These phenotypic, longitudinal correlations could suggest direct, causal effects; however, they also may reflect overlapping genetic or shared environmental influences. At age 10 in the same ABCD sample examined in this study (Freis et al., 2022), internalizing behaviors display genetic and shared environmental influences that could overlap with those for pain. A predisposition to anxiety can lead to a maladaptive appraisal of acute pain and lead to chronification in children (Asmundson et al., 2012). Furthermore, a systematic review of mostly adult twin studies found that pain conditions show genetic and environmental correlations with depression and anxiety (Khan et al., 2020). A recent study found a common factor of self-reported pain, anxiety, and depression in late adolescence that displayed significant genetic, shared environmental, and non-shared environmental influences (Scaini et al., 2022), suggesting that familial influences play a partial role in increasing both pain and internalizing risk.
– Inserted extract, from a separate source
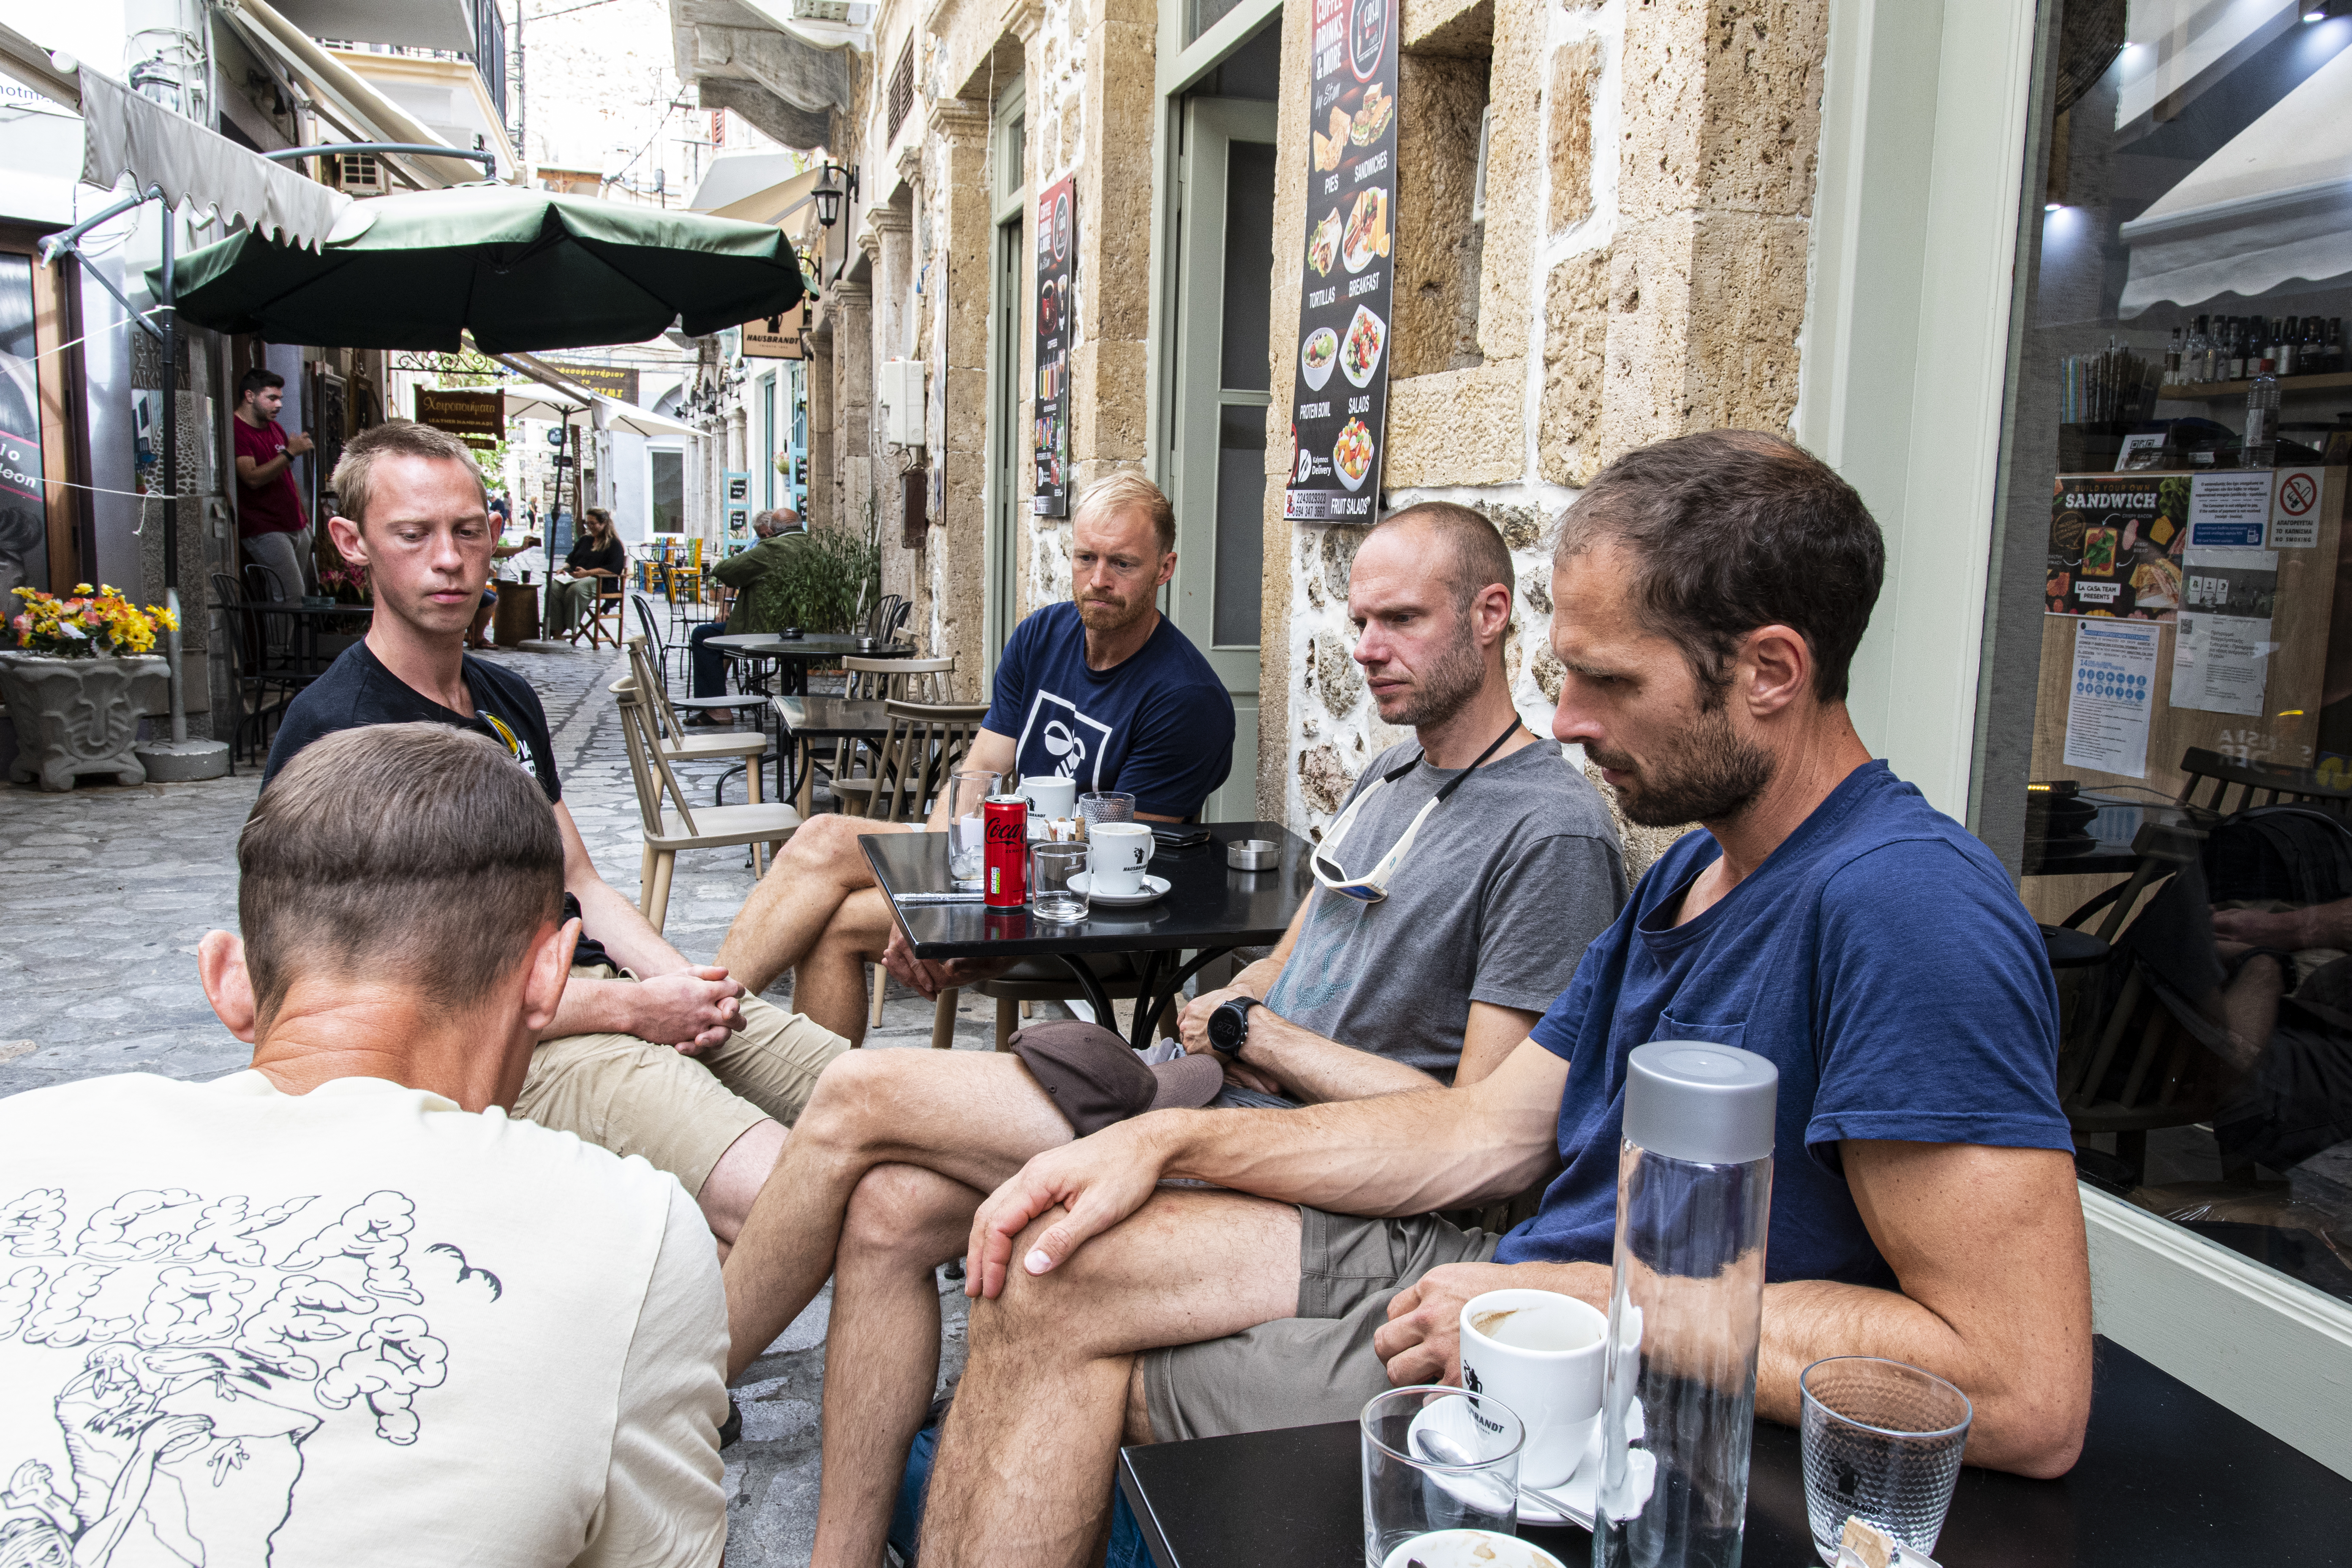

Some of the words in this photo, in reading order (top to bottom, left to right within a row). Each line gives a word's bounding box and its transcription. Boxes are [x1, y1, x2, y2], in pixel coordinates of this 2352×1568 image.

While it is well-established that there are shared genetic and environmental influences on internalizing and pain, the association may not be entirely familial. A longitudinal twin study of 12–14 year old adolescents found that in addition to genetic correlations between the latent growth factors of pain and anxiety/depression, there were also non-shared environmental correlations (Battaglia et al., 2020). The non-shared environmental correlations could indicate a direct effect between internalizing and pain. Co-twin control analyses can be used to assess whether the association between internalizing and pain survives when controlling for familial confounding (Carlin et al., 2005).
Externalizing and pain
Externalizing problems also are phenotypically associated with pain. For example, children with musculoskeletal pain displayed more externalizing problems (Varni et al., 1996), and externalizing symptoms have been shown to increase the odds of later musculoskeletal pain (Andreucci et al., 2021). Externalizing behaviors could directly affect pain by increasing engagement in high risk, injury-prone behaviors such as substance use or violence (Ranney et al., 2018), which could increase pain incidence. However, pain could predate externalizing, as the experience of pain could incite more irritable or aggressive behavior. To our knowledge, this will be the first study to examine the phenotypic association between pain on later externalizing.
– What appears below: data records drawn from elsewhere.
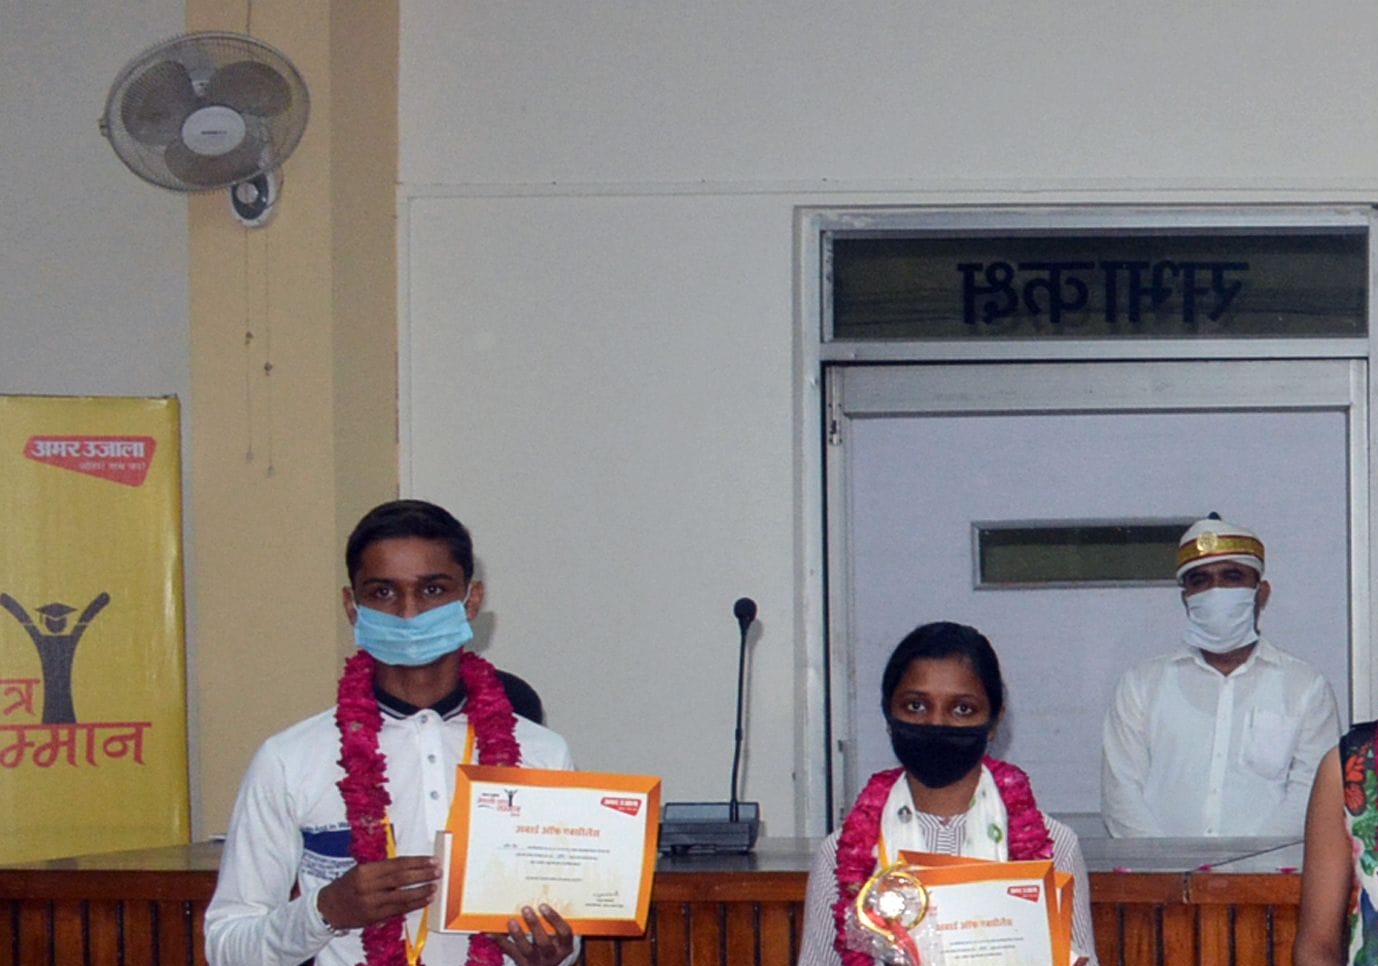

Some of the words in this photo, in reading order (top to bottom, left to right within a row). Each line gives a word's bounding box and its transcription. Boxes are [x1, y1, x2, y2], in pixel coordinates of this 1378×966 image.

[31, 441, 80, 457] अमर
[82, 441, 145, 457] उजाला
[0, 678, 40, 716] त्र
[0, 722, 152, 769] म्मान
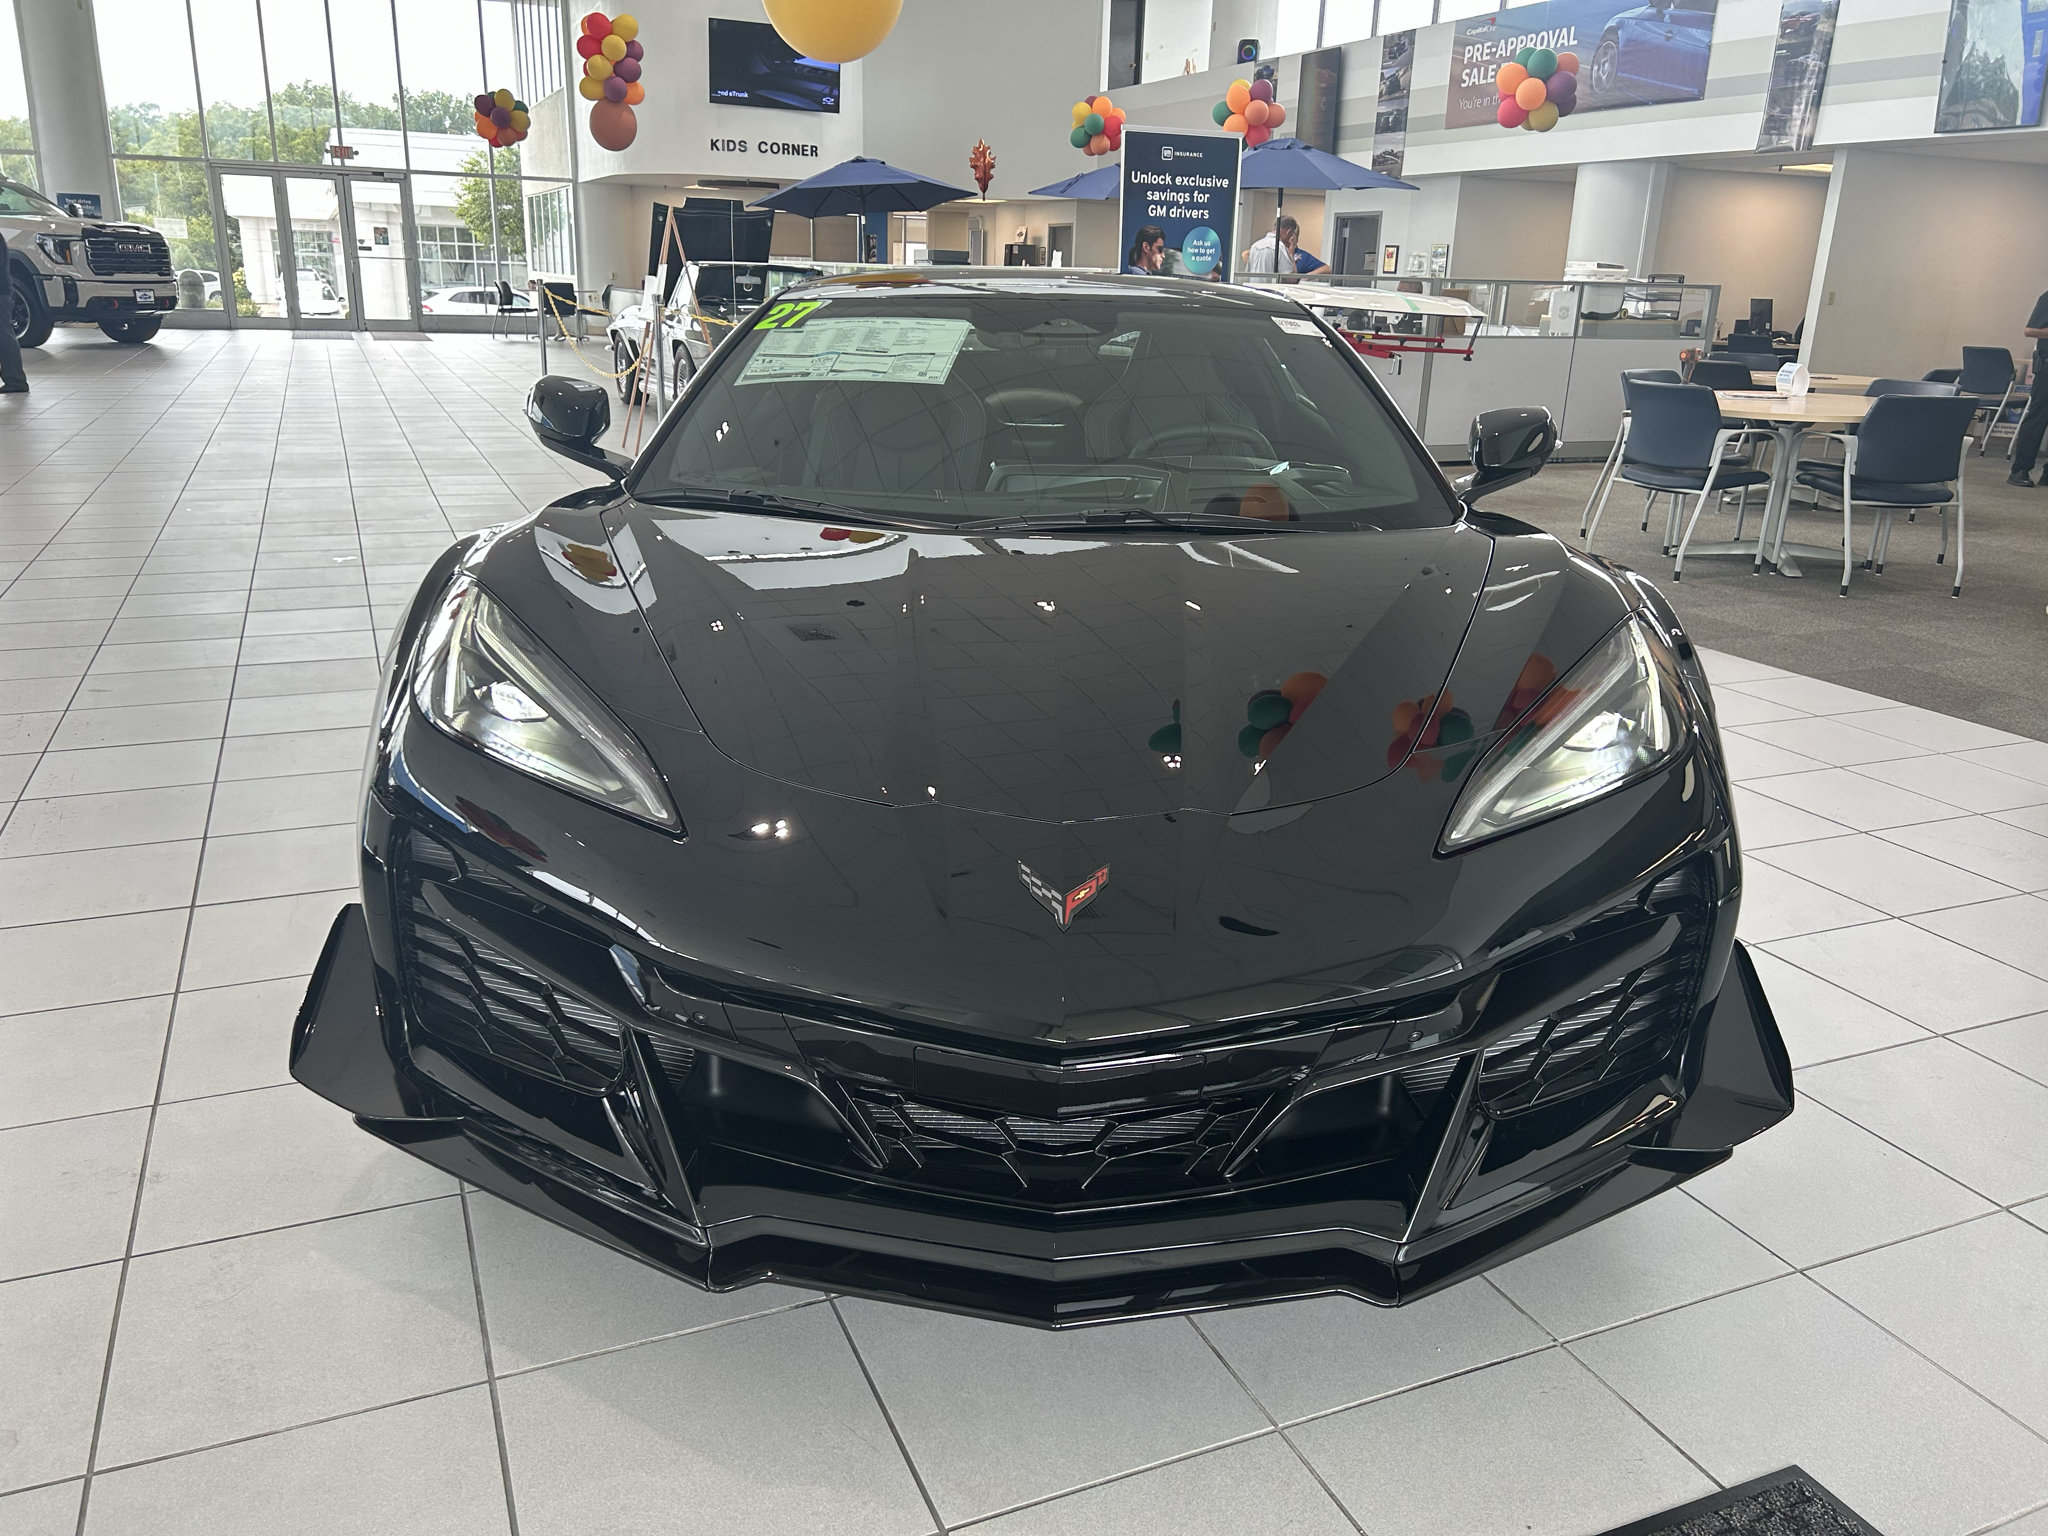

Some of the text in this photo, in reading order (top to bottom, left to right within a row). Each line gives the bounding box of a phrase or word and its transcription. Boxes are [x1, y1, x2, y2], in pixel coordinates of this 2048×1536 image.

[1463, 25, 1578, 64] PRE-APPROVAL
[1461, 64, 1496, 88] SALE
[1459, 96, 1481, 110] You're
[1483, 96, 1491, 106] in
[334, 146, 350, 158] EXIT
[710, 138, 818, 157] KIDS CORNER
[1174, 150, 1204, 158] INSURANCE
[1131, 170, 1229, 188] Unlock exclusive
[1146, 189, 1210, 204] savings for
[1148, 204, 1210, 219] GM drivers
[118, 243, 151, 254] GMC
[753, 301, 823, 330] 27
There is less research on the etiology of the relationship between externalizing and pain. At age 10 in this ABCD sample, externalizing variance was 76% influenced by genetic effects and 26% by non-shared environmental effects (Freis et al., 2022), but to our knowledge, no study has looked at the etiological correlates with pain. A longitudinal co-twin control study found that externalizing behaviors predicted later headaches, even when controlling for familial confounding, suggesting that externalizing had an exacerbating effect on pain development rather than predisposition driving the association (Virtanen et al., 2004). However, it is unclear if this relationship extends to general pain, whether pain predicts later externalizing, and the nature of this association.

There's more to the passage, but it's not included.